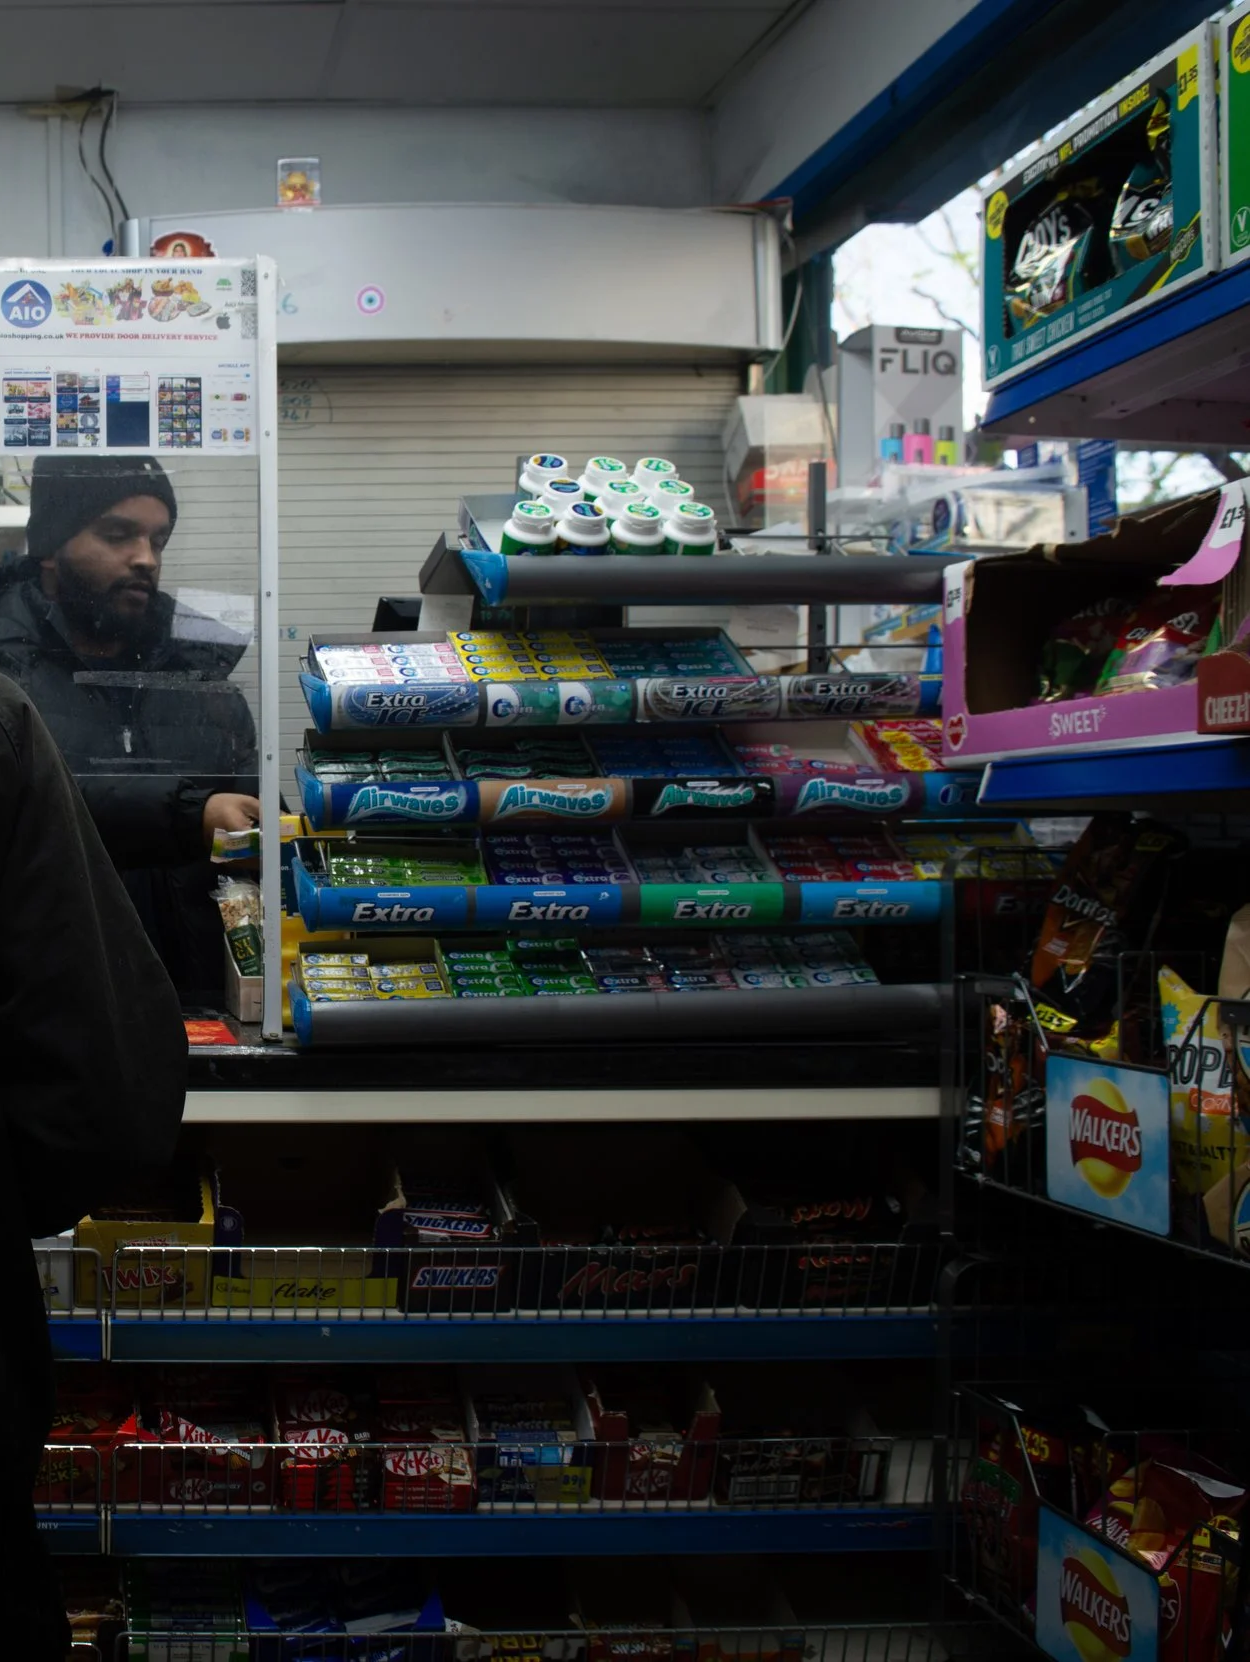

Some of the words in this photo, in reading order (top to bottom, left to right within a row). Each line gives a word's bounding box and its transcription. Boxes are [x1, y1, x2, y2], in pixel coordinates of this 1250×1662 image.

[8, 306, 47, 322] AIO
[65, 332, 77, 340] WE
[79, 332, 116, 340] PROVIDE
[117, 333, 140, 341] DOOR
[141, 333, 183, 341] DELIVERY
[183, 334, 219, 342] SERVICE
[879, 348, 958, 376] FLIQ
[365, 691, 428, 709] Extra
[671, 684, 728, 700] Extra
[373, 705, 430, 726] ICE
[1050, 708, 1102, 738] SWEET
[348, 786, 466, 818] Airwaves
[496, 784, 611, 815] Airwaves
[351, 902, 436, 924] Extra
[507, 900, 591, 922] Extra
[672, 898, 753, 920] Extra
[831, 897, 911, 919] Extra
[1052, 883, 1119, 929] Doritos
[1069, 1107, 1143, 1158] WALKERS
[415, 1266, 500, 1287] SNICKERS
[390, 1452, 441, 1476] KitKat
[1060, 1570, 1132, 1644] WALKERS

---

* Task to complete *
The expected output is every entry above, retyped exactly, with the pictures removed.

* Answer for this exercise *
Some of the words in this photo, in reading order (top to bottom, left to right within a row). Each line gives a word's bounding box and its transcription. Boxes are [x1, y1, x2, y2], in pixel coordinates of this 1250×1662 image.

[8, 306, 47, 322] AIO
[65, 332, 77, 340] WE
[79, 332, 116, 340] PROVIDE
[117, 333, 140, 341] DOOR
[141, 333, 183, 341] DELIVERY
[183, 334, 219, 342] SERVICE
[879, 348, 958, 376] FLIQ
[365, 691, 428, 709] Extra
[671, 684, 728, 700] Extra
[373, 705, 430, 726] ICE
[1050, 708, 1102, 738] SWEET
[348, 786, 466, 818] Airwaves
[496, 784, 611, 815] Airwaves
[351, 902, 436, 924] Extra
[507, 900, 591, 922] Extra
[672, 898, 753, 920] Extra
[831, 897, 911, 919] Extra
[1052, 883, 1119, 929] Doritos
[1069, 1107, 1143, 1158] WALKERS
[415, 1266, 500, 1287] SNICKERS
[390, 1452, 441, 1476] KitKat
[1060, 1570, 1132, 1644] WALKERS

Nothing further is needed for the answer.